Figura 3.3: A evolução de um sistema com disco excessivamente fino dá origem a distorções não realísticas, mesmo com a presença do bojo. O painel da esquerda mostra o sistema em $t=0$, o intermediário em $t=6.8\times 10^8$ anos, e o da direita em $t=1.36\times 10^9$ anos. A unidade de comprimento é 650 pc. Apenas 1/3 das 125 mil partículas utilizadas nesta simulação (a de no. 11) estão exibidas.
\begin{figure}\epsfxsize =16cm
\centerline{\epsfbox{warp.ps}}\end{figure}

Por outro lado, valores para $z_0$ a partir de 350 pc já estabilizam o disco puro com relação a estas instabilidades locais (experimentos no(s). 13 e 14). Entretanto, isto só é verdadeiro para os discos isotérmicos, que, com os parâmetros escolhidos nos experimentos 13 e 14, têm valores para $Q$ maiores do que 1. O experimento no. 22 é idêntico ao 14, exceto pelo fato de que tem um valor para $Q$ fixo em 0.5. Neste experimento, as instabilidades locais se manifestam novamente. Verificamos também que a presença de um bojo estabiliza o disco com relação às instabilidades locais, mesmo com escalas de altura tão pequenas quanto 200 pc (experimento no. 12), e mesmo sem a presença do halo. Neste caso, porém, o disco ainda sofre de um efeito ``hose'' exacerbado, e a sua evolução o leva a um estado em que a sua espessura atinge valores não realísticos (Fig. 3.3), além de ocorrerem distorções (``warps'') e oscilações verticais no disco. Isto ocorre também nos experimentos 11 e 13, ou seja, até $z_0=350$ pc e com ou sem bojo. Também é interessante que este efeito é expressivo, em geral, apenas após mais de 1 Gano, e tanto mais rápido quanto mais instável o disco for, o que podemos avaliar pela sua escala de altura e pela presença ou ausência do bojo. Somente para $z_0=450$ pc o disco puro é estável tanto às instabilidades locais quanto a um efeito ``hose'' exagerado (experimento no. 14). Ao adicionarmos um halo nestes casos, porém (experimentos 9 e 10), seu efeito estabilizador se manifesta, e o disco assume um comportamento mais realístico, ou seja, sua estrutura vertical ganha importância durante sua evolução, mas ainda permanece fina como os discos observados em galáxias vistas de perfil.

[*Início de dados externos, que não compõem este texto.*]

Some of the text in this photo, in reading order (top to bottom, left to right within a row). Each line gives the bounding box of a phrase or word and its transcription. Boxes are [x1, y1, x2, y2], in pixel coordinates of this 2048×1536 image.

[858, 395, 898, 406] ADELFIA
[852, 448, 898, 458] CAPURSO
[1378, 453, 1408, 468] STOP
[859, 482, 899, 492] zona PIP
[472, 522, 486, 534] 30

Figura 3.4: A formação do padrão ``grand design'' na evolução de um disco puro (exponencial e isotérmico) visto de face. O primeiro quadro no alto à esquerda mostra o instante inicial do experimento, enquanto o último, embaixo e à direita, se refere a $t=1.9$ Gano. O intervalo de tempo entre cada quadro é de 8 $\times 10^7$ anos, e a dimensão física do quadro é de 16 Kpc. Apenas 10% das 100 mil partículas utilizadas nesta simulação (no. 14) estão exibidas.
\begin{figure}\epsfxsize =16cm
\centerline{\epsfbox{dpface.ps}}\vskip -1.5cm \end{figure}

Figura 3.5: O mesmo que na Fig. 3.4, porém para o disco visto de perfil.
\begin{figure}\epsfxsize =16cm
\centerline{\epsfbox{dpperfil.ps}}\vskip -1.5cm \end{figure}

É interessante, portanto, que a presença de um bojo adiciona estabilidade ao disco, e que isso se dá de forma ainda mais significativa com a presença do halo. Além disso, as variações na energia total e na posição do centro de massa durante as simulações tendem a diminuir com o aumento da estabilidade do disco.

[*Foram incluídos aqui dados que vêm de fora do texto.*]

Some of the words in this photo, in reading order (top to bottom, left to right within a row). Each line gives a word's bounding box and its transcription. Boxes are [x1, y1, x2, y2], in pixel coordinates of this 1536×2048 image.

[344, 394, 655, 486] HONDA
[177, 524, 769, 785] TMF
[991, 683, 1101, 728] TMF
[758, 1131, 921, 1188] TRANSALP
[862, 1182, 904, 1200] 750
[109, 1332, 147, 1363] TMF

Vejamos qual é o comportamento dos sistemas simulados com relação à instabilidade de barra. Na Fig. 3.4, que se refere ao experimento no. 14, vemos que um disco puro (exponencial e isotérmico) é instável à formação de barra, conforme o esperado. A barra se forma em cerca de $6 \times 10^8$ anos e induz a formação de braços espirais proeminentes no conhecido padrão ``grand design''. Este é um exemplo típico da formação de braços via barra. A barra se enfraquece após cerca de $5 \times 10^8$ anos, mas ainda permanece por um período de tempo similar, dando lugar a uma distorção oval, que persiste até o fim do experimento, em 2 Gano. Note que o período de rotação da barra é substancialmente maior que o período orbital das estrelas, e que os braços desaparecem com o enfraquecimento da barra. A Fig. 3.5 se refere ao mesmo experimento, porém exibe a evolução do sistema como seria visto de perfil. Pode-se notar claramente o aquecimento vertical do disco, e como o enfraquecimento da barra dá origem a uma estrutura similar a um bojo. Estes resultados corroboram aqueles divulgados por outros autores, e discutidos na Seção 1.2.

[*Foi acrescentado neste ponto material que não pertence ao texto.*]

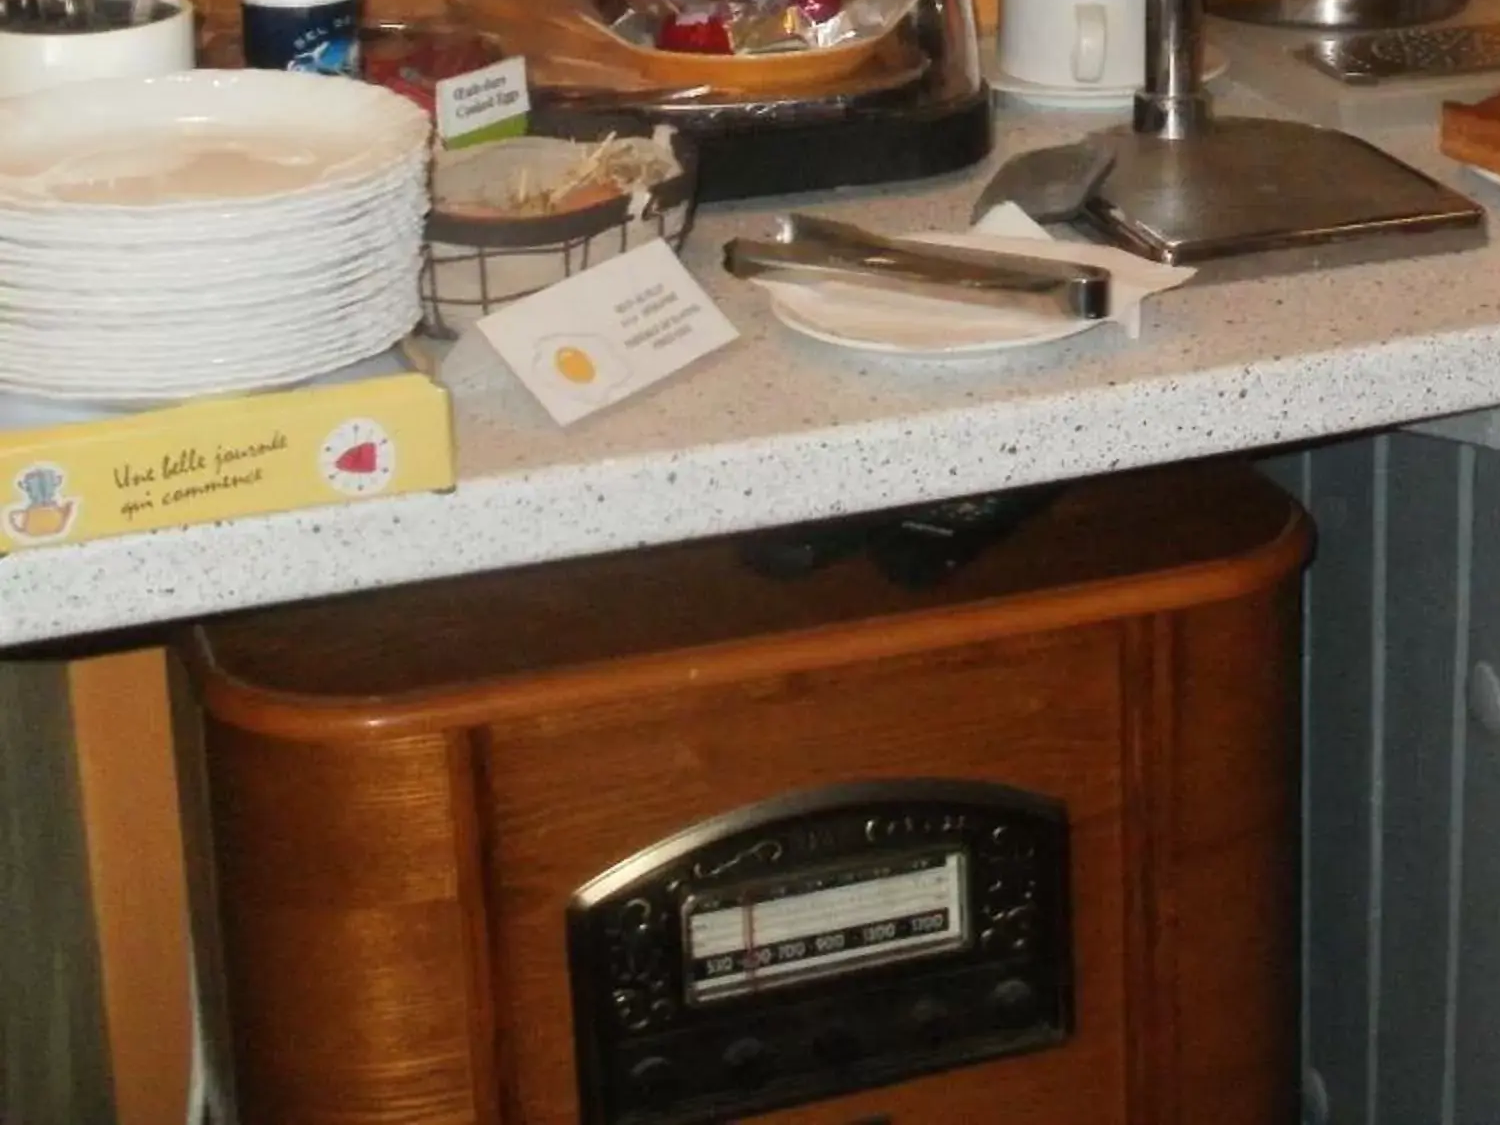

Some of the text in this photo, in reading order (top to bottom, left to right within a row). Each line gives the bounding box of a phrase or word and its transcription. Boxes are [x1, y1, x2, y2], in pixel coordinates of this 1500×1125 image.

[113, 463, 156, 489] Une
[162, 448, 206, 479] belle
[121, 468, 262, 521] qui commence
[777, 942, 806, 961] 700
[814, 934, 845, 952] 900

Entretanto, ao adicionarmos ao experimento bojo e halo, de forma a termos uma simulação mais realística, no sentido de reproduzir as características observadas em galáxias, nos encontramos face ao problema mais relevante enfrentado pelo mecanismo de instabilidade de barra: a dificuldade em formar uma barra em sistemas de disco que contêm uma alta concentração central de massa (ver Seção 1.2). As Fig(s). 3.6 e 3.7 mostram como se dá a evolução de um sistema completo (o experimento no. 9), que contém um disco que, isolado, é instável à formação da barra, de maneira similar ao exibido nas Fig(s). 3.4 e 3.5. Com a influência estabilizadora de bojo e halo, o disco torna-se estável e a barra não se desenvolve. Note que constatamos, através de experimentos como o de no. 11, que apenas a presença do bojo já é suficiente para inibir a formação de barra.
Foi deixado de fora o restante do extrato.